DATA SHOWN>
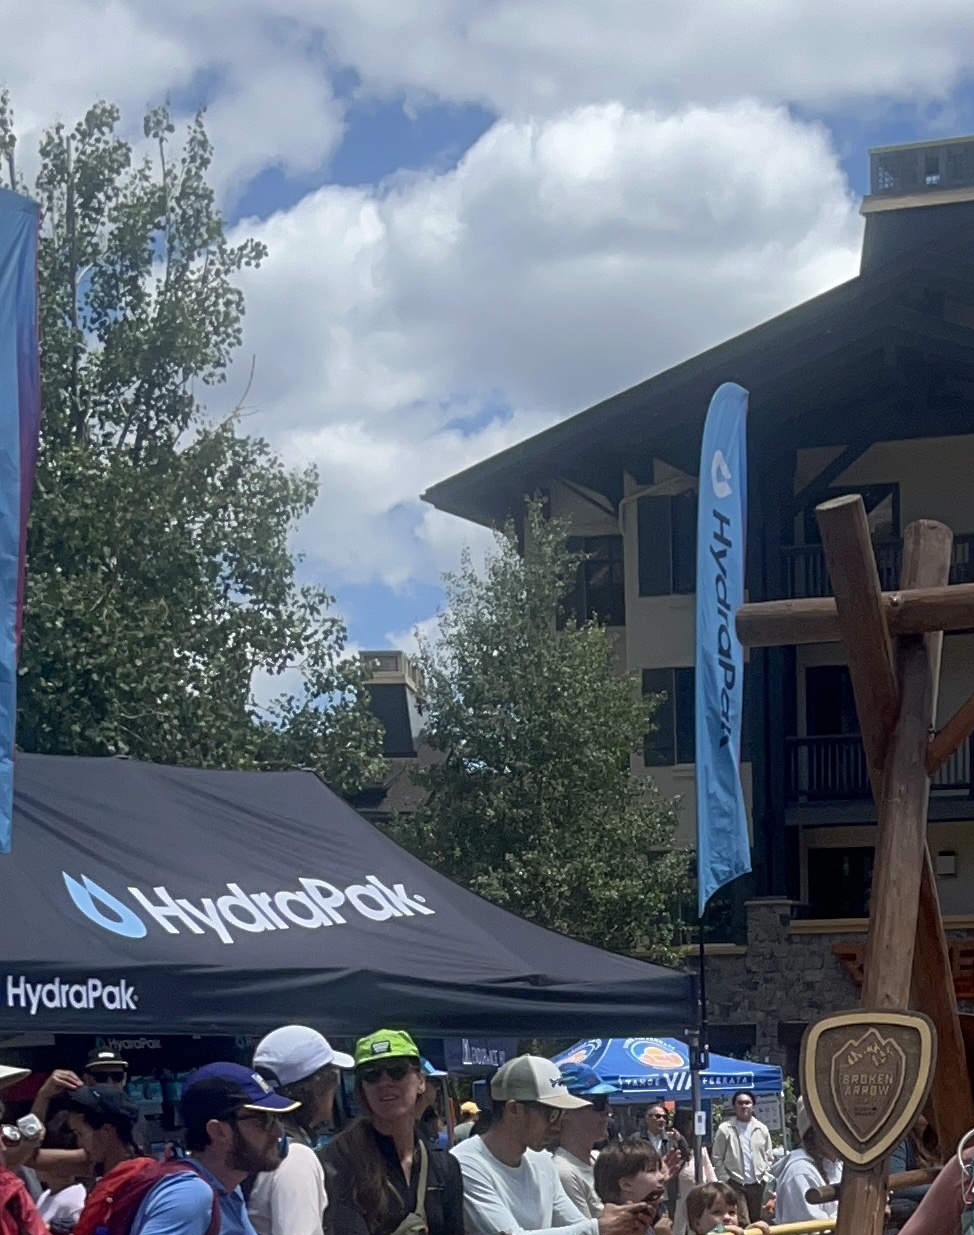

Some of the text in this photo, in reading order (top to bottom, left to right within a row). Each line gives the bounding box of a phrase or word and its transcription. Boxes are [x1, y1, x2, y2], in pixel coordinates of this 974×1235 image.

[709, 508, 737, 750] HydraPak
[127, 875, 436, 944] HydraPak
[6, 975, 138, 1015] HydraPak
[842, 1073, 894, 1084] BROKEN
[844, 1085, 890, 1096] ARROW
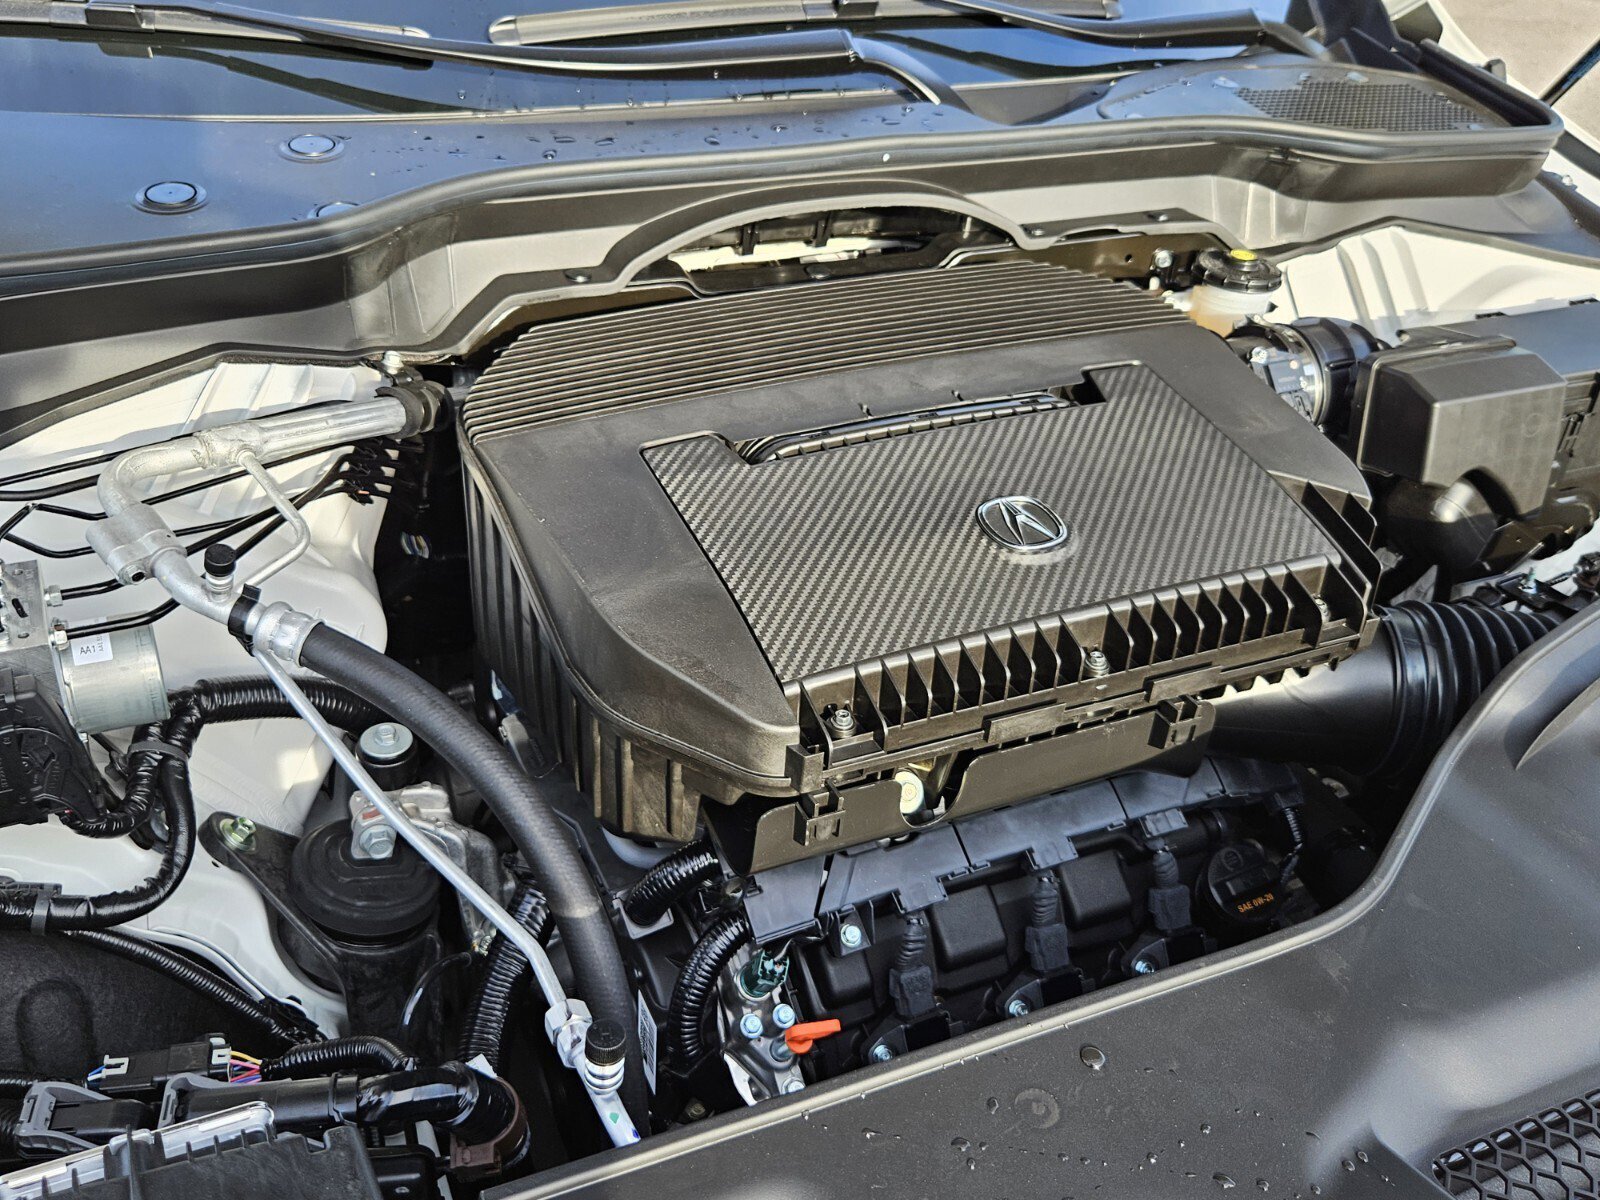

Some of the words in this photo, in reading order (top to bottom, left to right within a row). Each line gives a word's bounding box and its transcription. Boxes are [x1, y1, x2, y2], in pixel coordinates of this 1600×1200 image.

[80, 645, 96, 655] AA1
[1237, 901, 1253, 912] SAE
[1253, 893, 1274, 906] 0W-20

INSTRUCTIONS TO FOLLOW>
In your answer, set down the full listing word for word and include no pictures.

SOLUTION BELOW>
Some of the text in this photo, in reading order (top to bottom, left to right within a row). Each line gives the bounding box of a phrase or word and its transcription. Boxes are [x1, y1, x2, y2], in pixel coordinates of this 974×1235 image.

[709, 508, 737, 750] HydraPak
[127, 875, 436, 944] HydraPak
[6, 975, 138, 1015] HydraPak
[842, 1073, 894, 1084] BROKEN
[844, 1085, 890, 1096] ARROW

Some of the words in this photo, in reading order (top to bottom, left to right within a row). Each line gives a word's bounding box and its transcription. Boxes are [x1, y1, x2, y2], in pixel coordinates of this 1600×1200 image.

[80, 645, 96, 655] AA1
[1237, 901, 1253, 912] SAE
[1253, 893, 1274, 906] 0W-20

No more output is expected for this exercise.